Claude Academy
advanced13 min

/loop: Scheduled Background Tasks

Learning Objectives

  • Set up /loop for recurring tasks
  • Monitor PRs, deployments, and dependencies on a schedule
  • Combine /loop with Remote Control
  • Know the practical use cases for background loops

Always-On AI Automation

/loop turns Claude Code into a persistent background worker. Instead of running a task once, you describe a recurring task and Claude executes it on a schedule — monitoring, checking, alerting, and even taking action.

Setting Up a Loop

/loop

Claude asks you to describe:

1. What to do: The recurring task

2. How often: The interval (default: 10 minutes)

Example: PR Monitor

/loop

"Every 30 minutes, check all open PRs in this repo:

1. List PRs that have been open for more than 24 hours without a review

2. Check CI status on each PR

3. Alert me if any PR has failing CI

4. If a Dependabot PR has passing CI and only patches, auto-approve it"

Claude sets up a background loop that runs every 30 minutes, monitoring your PRs.

Example: Deployment Health

/loop

"Every 2 hours, check deployment health:

1. Run the health check endpoint: curl https://api.myapp.com/health

2. Check response time (should be under 200ms)

3. Check recent error rate in logs

4. Alert me if anything is degraded"

Example: Dependency Updates

/loop

"Once per day (every 24 hours):

1. Run pnpm outdated

2. Check for known vulnerabilities with pnpm audit

3. If there are critical vulnerabilities, alert me immediately

4. Generate a summary of what needs updating"

How /loop Works

You: /loop → describe task and interval

Claude starts background worker

Every [interval]:

1. Claude executes the task

2. If action needed → triggers Notification hook

3. Results logged for review

Worker persists until stopped

The loop runs as a persistent background process. You can continue working in other sessions while it runs.

Interval Syntax

Specify intervals when setting up the loop:

/loop 5m /check-ci          # Every 5 minutes

/loop 30m /review-prs # Every 30 minutes

/loop 2h /health-check # Every 2 hours

/loop 24h /dependency-audit # Once per day

The default interval is 10 minutes if not specified.
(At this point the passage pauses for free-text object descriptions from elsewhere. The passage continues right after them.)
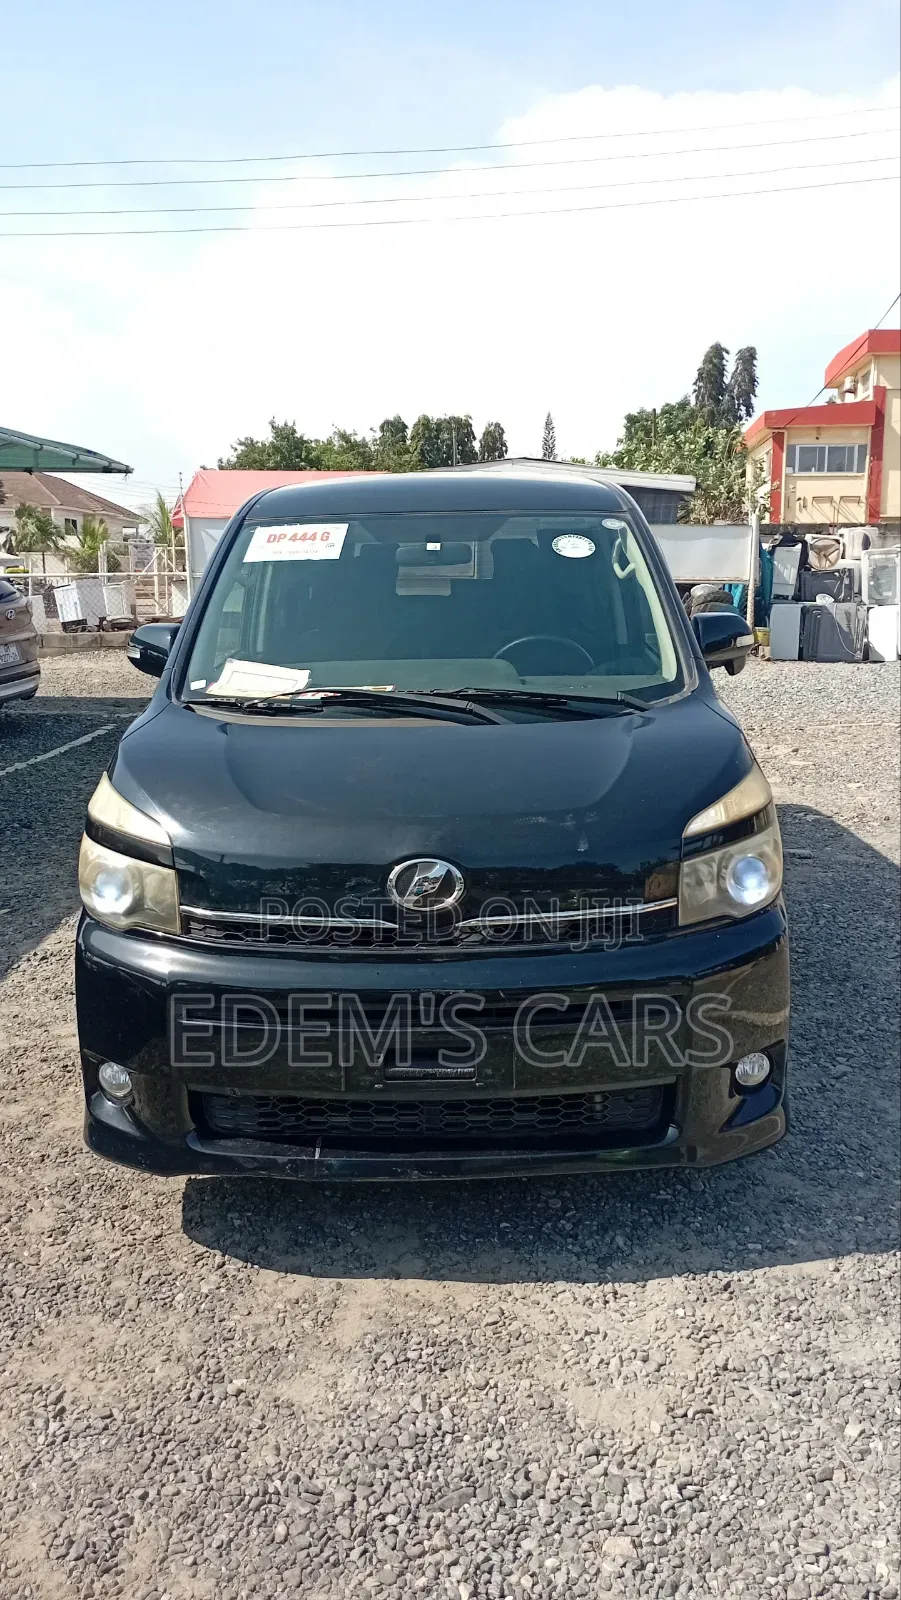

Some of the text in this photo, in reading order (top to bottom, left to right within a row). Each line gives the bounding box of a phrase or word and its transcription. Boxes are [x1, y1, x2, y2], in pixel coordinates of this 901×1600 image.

[266, 531, 330, 543] DP 444 G
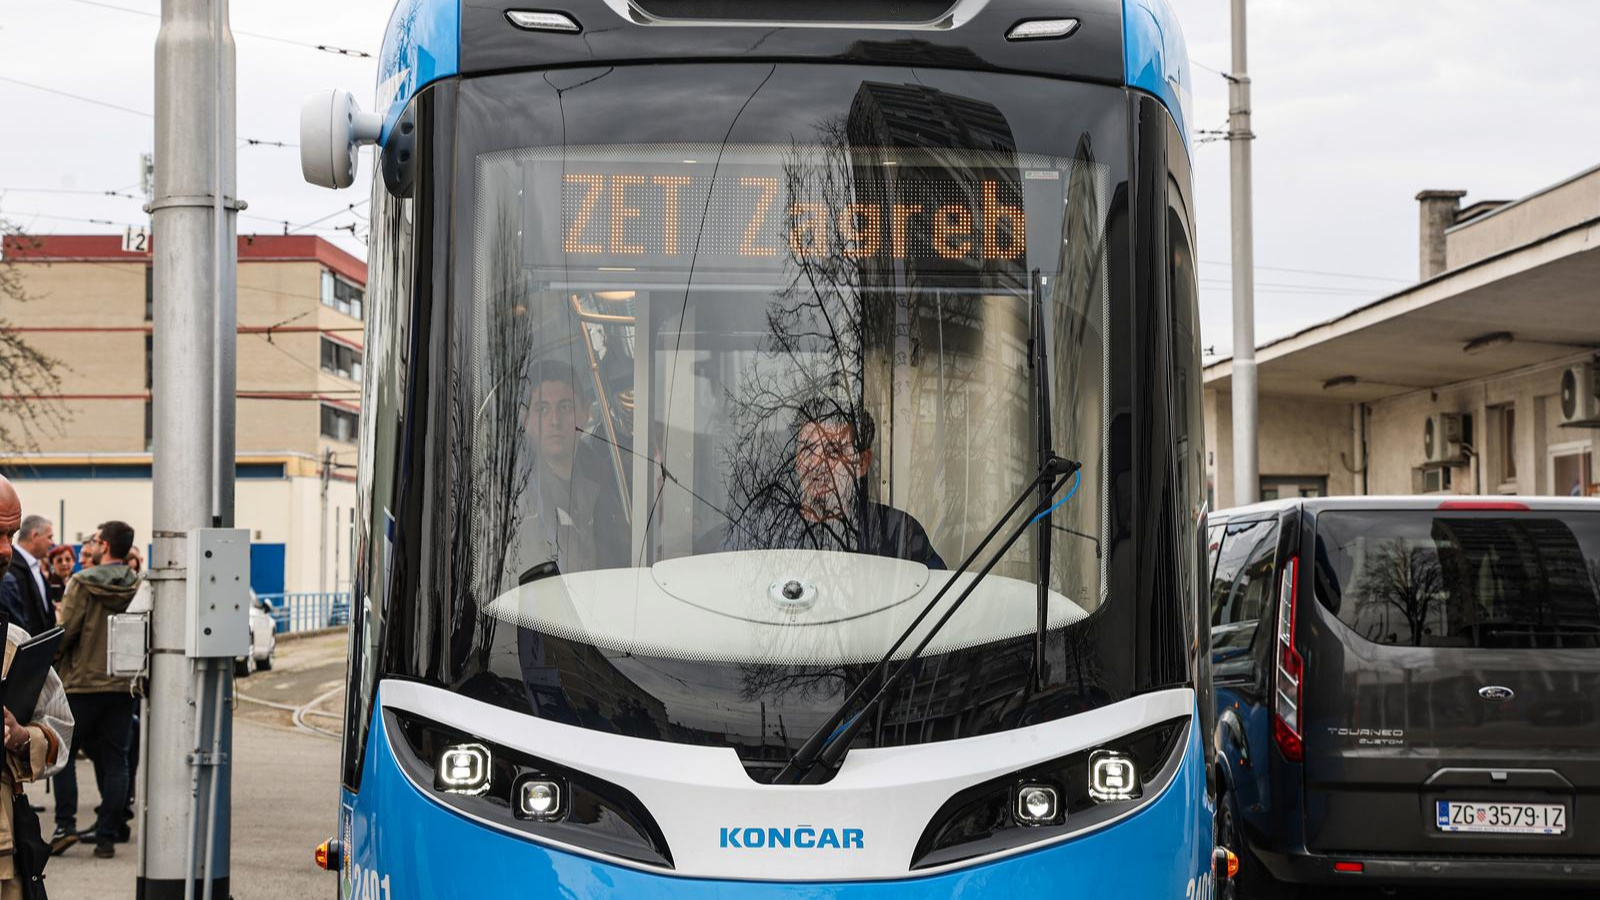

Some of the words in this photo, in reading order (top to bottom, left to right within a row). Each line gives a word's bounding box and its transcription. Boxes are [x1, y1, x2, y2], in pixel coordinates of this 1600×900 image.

[564, 173, 692, 254] ZET
[740, 176, 1026, 259] Zagreb
[1327, 727, 1404, 737] TOURNEO
[1451, 804, 1475, 825] ZG
Combining with Slash Commands

/loop works well with custom slash commands:

# Create a command for what the loop should do

# .claude/commands/check-prs.md


description: "Check PR status and alert if action needed"


List all open PRs. For each:

1. Check CI status

2. Check if review is requested

3. If PR is stale (>48h), flag it

Report any items needing attention.

# Then loop it

/loop 30m /check-prs

Loop + Remote Control

The most powerful combination: start a loop on your machine, monitor from anywhere.

# On your development machine

/loop 15m /monitor-deployment

# Generate a remote control URL

/rc

# Scan the QR code on your phone

# Monitor deployment status from your couch, commute, or coffee shop

When the loop detects an issue and triggers a Notification hook, you can respond from your phone through Remote Control.

Practical Loop Recipes

Auto-Merge Safe PRs

/loop 1h

"Check for Dependabot PRs:

  • If the PR only updates patch versions
  • And CI is passing
  • And it's been open for at least 1 hour
  • Auto-approve and merge it

For non-patch updates, just alert me."

Monitor Error Rate

/loop 10m

"Check the application error log at /var/log/app/error.log:

  • Count errors in the last 10 minutes
  • If error rate exceeds 10 errors/minute, alert immediately
  • If a new error type appears that we haven't seen before, alert
  • Include a brief summary of the most common errors"

Test Suite Guardian

/loop 2h

"Run the full test suite (pnpm test):

  • If all tests pass, log the result
  • If any test fails, alert me with:

- Which tests failed

- The error messages

- The last git commit that might have caused it"

Stopping a Loop

To stop a running loop:

# In the loop session

/stop

# Or just close the terminal/session

Considerations

Token Cost

Each loop iteration is an API call. A 10-minute loop running for 8 hours is 48 calls. Make sure your loop tasks are efficient:

# Expensive: Full codebase analysis every 5 minutes

# Efficient: Quick health check endpoint every 30 minutes

Reliability

Loops persist as long as the Claude Code process is running. If your machine sleeps, restarts, or the terminal closes, the loop stops. For production-grade scheduling, use the /schedule command (covered in Module 13) which runs in the cloud.

Scope

Loops are best for monitoring and lightweight automation. Heavy tasks (full code reviews, large refactorings) should be triggered manually, not looped.

Key Takeaway

/loop creates persistent background workers that execute tasks on a recurring interval. Use it for monitoring (PR status, deployment health, error rates), maintenance (dependency updates, auto-merging safe PRs), and quality checks (test suite runs). Combine with Remote Control to monitor from any device. Keep loop tasks lightweight and efficient — each iteration costs tokens. For cloud-based scheduling that survives machine restarts, use /schedule instead.